From start to end, write out the following data exactly, apart from its images.
*** Records supplied
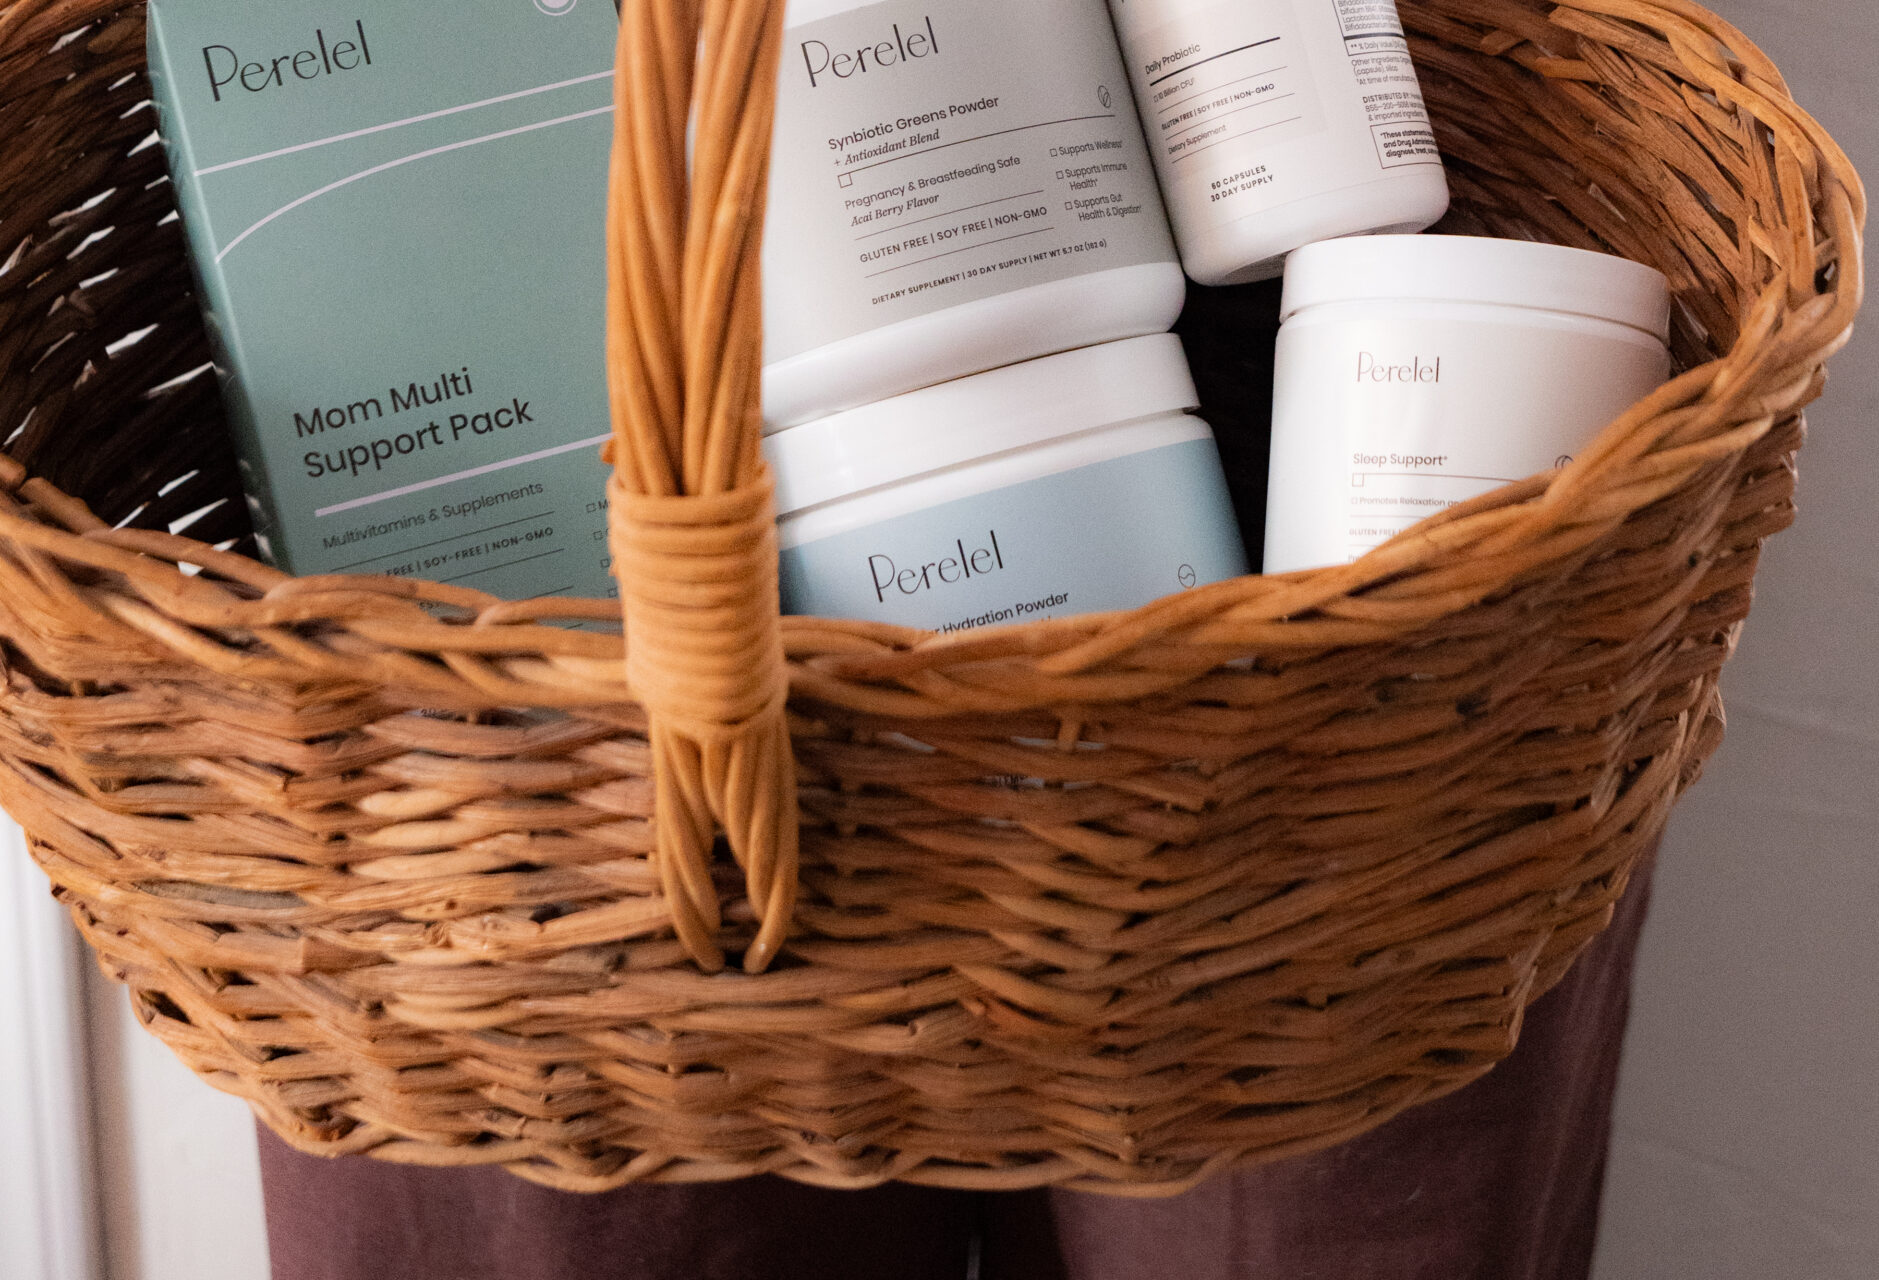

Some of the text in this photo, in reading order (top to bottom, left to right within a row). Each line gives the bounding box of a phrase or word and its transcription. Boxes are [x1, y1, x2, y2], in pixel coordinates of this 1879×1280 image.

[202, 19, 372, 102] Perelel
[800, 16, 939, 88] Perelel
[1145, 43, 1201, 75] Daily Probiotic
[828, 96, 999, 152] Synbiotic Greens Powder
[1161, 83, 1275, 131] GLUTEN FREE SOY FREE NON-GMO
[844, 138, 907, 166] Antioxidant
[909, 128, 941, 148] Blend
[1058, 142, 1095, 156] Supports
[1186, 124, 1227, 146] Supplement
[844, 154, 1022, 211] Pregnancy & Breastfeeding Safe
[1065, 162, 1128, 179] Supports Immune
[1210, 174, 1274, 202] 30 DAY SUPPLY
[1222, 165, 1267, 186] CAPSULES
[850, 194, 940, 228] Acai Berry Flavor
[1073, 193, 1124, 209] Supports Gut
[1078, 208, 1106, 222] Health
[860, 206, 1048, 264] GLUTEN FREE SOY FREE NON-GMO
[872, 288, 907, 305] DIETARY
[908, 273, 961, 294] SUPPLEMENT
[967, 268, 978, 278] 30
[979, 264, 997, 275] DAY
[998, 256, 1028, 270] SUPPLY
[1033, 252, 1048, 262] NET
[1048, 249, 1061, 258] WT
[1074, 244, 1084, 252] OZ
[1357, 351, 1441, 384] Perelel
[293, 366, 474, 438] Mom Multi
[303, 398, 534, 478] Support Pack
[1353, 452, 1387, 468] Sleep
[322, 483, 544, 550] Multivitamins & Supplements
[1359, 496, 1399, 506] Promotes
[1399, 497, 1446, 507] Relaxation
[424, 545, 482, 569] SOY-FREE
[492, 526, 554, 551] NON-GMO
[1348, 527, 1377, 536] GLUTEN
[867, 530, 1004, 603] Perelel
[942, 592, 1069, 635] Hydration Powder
******
# [Task solution]
Some of the text in this photo, in reading order (top to bottom, left to right within a row). Each line gives the bounding box of a phrase or word and its transcription. Boxes are [x1, y1, x2, y2], in pixel coordinates of this 1879×1280 image.

[202, 19, 372, 102] Perelel
[800, 16, 939, 88] Perelel
[1145, 43, 1201, 75] Daily Probiotic
[828, 96, 999, 152] Synbiotic Greens Powder
[1161, 83, 1275, 131] GLUTEN FREE SOY FREE NON-GMO
[844, 138, 907, 166] Antioxidant
[909, 128, 941, 148] Blend
[1058, 142, 1095, 156] Supports
[1186, 124, 1227, 146] Supplement
[844, 154, 1022, 211] Pregnancy & Breastfeeding Safe
[1065, 162, 1128, 179] Supports Immune
[1210, 174, 1274, 202] 30 DAY SUPPLY
[1222, 165, 1267, 186] CAPSULES
[850, 194, 940, 228] Acai Berry Flavor
[1073, 193, 1124, 209] Supports Gut
[1078, 208, 1106, 222] Health
[860, 206, 1048, 264] GLUTEN FREE SOY FREE NON-GMO
[872, 288, 907, 305] DIETARY
[908, 273, 961, 294] SUPPLEMENT
[967, 268, 978, 278] 30
[979, 264, 997, 275] DAY
[998, 256, 1028, 270] SUPPLY
[1033, 252, 1048, 262] NET
[1048, 249, 1061, 258] WT
[1074, 244, 1084, 252] OZ
[1357, 351, 1441, 384] Perelel
[293, 366, 474, 438] Mom Multi
[303, 398, 534, 478] Support Pack
[1353, 452, 1387, 468] Sleep
[322, 483, 544, 550] Multivitamins & Supplements
[1359, 496, 1399, 506] Promotes
[1399, 497, 1446, 507] Relaxation
[424, 545, 482, 569] SOY-FREE
[492, 526, 554, 551] NON-GMO
[1348, 527, 1377, 536] GLUTEN
[867, 530, 1004, 603] Perelel
[942, 592, 1069, 635] Hydration Powder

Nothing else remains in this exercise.